§ PROBLEM TO WORK ON
Before copying, set the images aside; then transcribe every entry below exactly.

§ Dataset entries
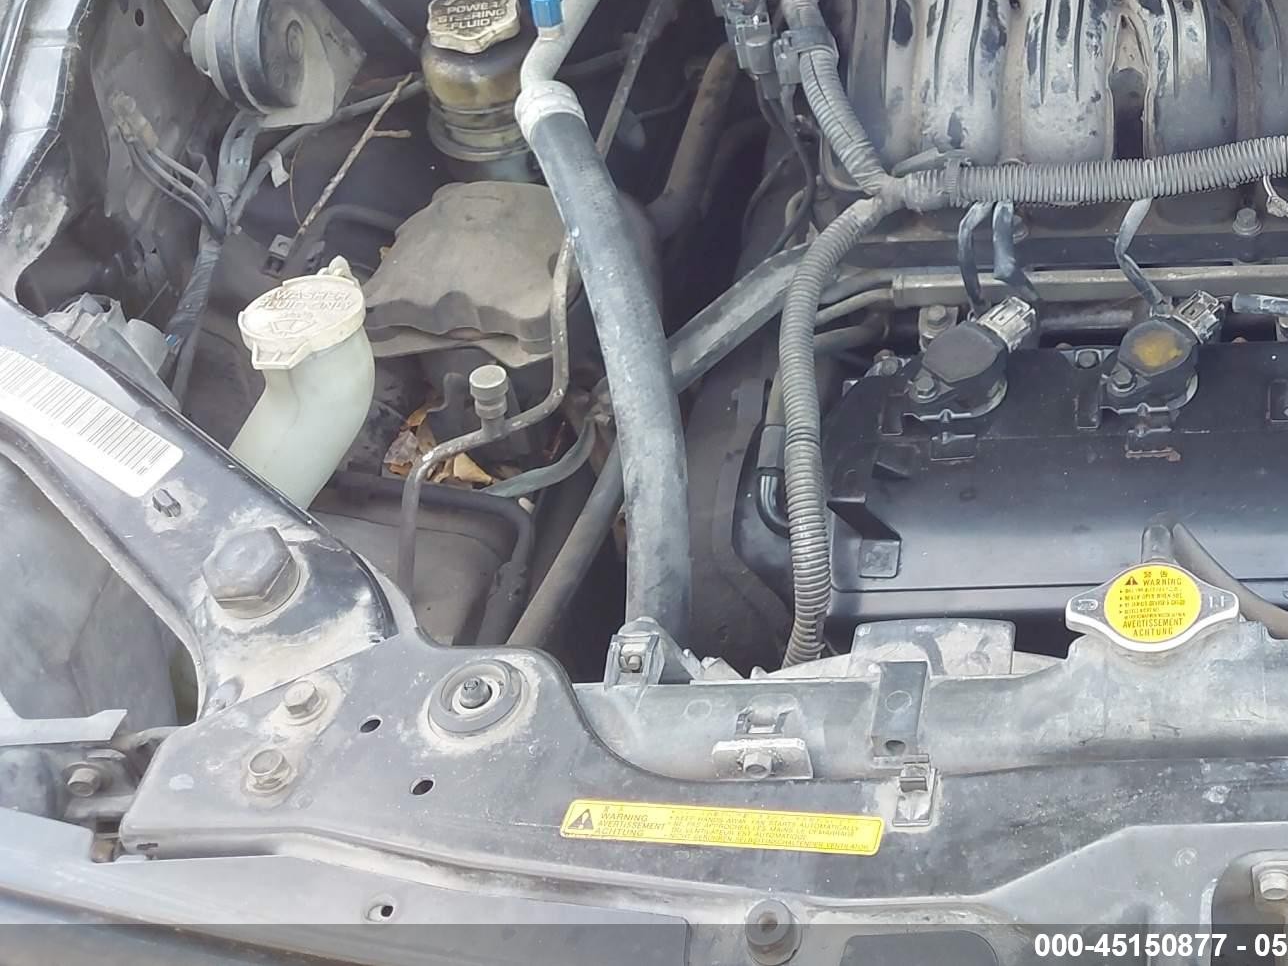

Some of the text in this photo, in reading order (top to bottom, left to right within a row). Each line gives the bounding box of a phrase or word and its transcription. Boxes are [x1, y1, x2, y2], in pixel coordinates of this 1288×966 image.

[450, 19, 490, 30] FLUID
[276, 288, 350, 300] WASHER
[257, 298, 354, 310] FLUID ONLY
[1142, 578, 1182, 586] WARNING
[1209, 595, 1226, 608] 1.1
[1123, 618, 1184, 628] AVERTISSEMENT
[1133, 628, 1173, 636] ACHTUNG
[600, 813, 648, 822] WARNING
[598, 820, 665, 830] AVERTISSEMENT
[594, 828, 645, 837] ACHTUNG

§ EXERCISE ANSWER
Some of the text in this photo, in reading order (top to bottom, left to right within a row). Each line gives the bounding box of a phrase or word and its transcription. Boxes are [x1, y1, x2, y2], in pixel coordinates of this 1288×966 image.

[450, 19, 490, 30] FLUID
[276, 288, 350, 300] WASHER
[257, 298, 354, 310] FLUID ONLY
[1142, 578, 1182, 586] WARNING
[1209, 595, 1226, 608] 1.1
[1123, 618, 1184, 628] AVERTISSEMENT
[1133, 628, 1173, 636] ACHTUNG
[600, 813, 648, 822] WARNING
[598, 820, 665, 830] AVERTISSEMENT
[594, 828, 645, 837] ACHTUNG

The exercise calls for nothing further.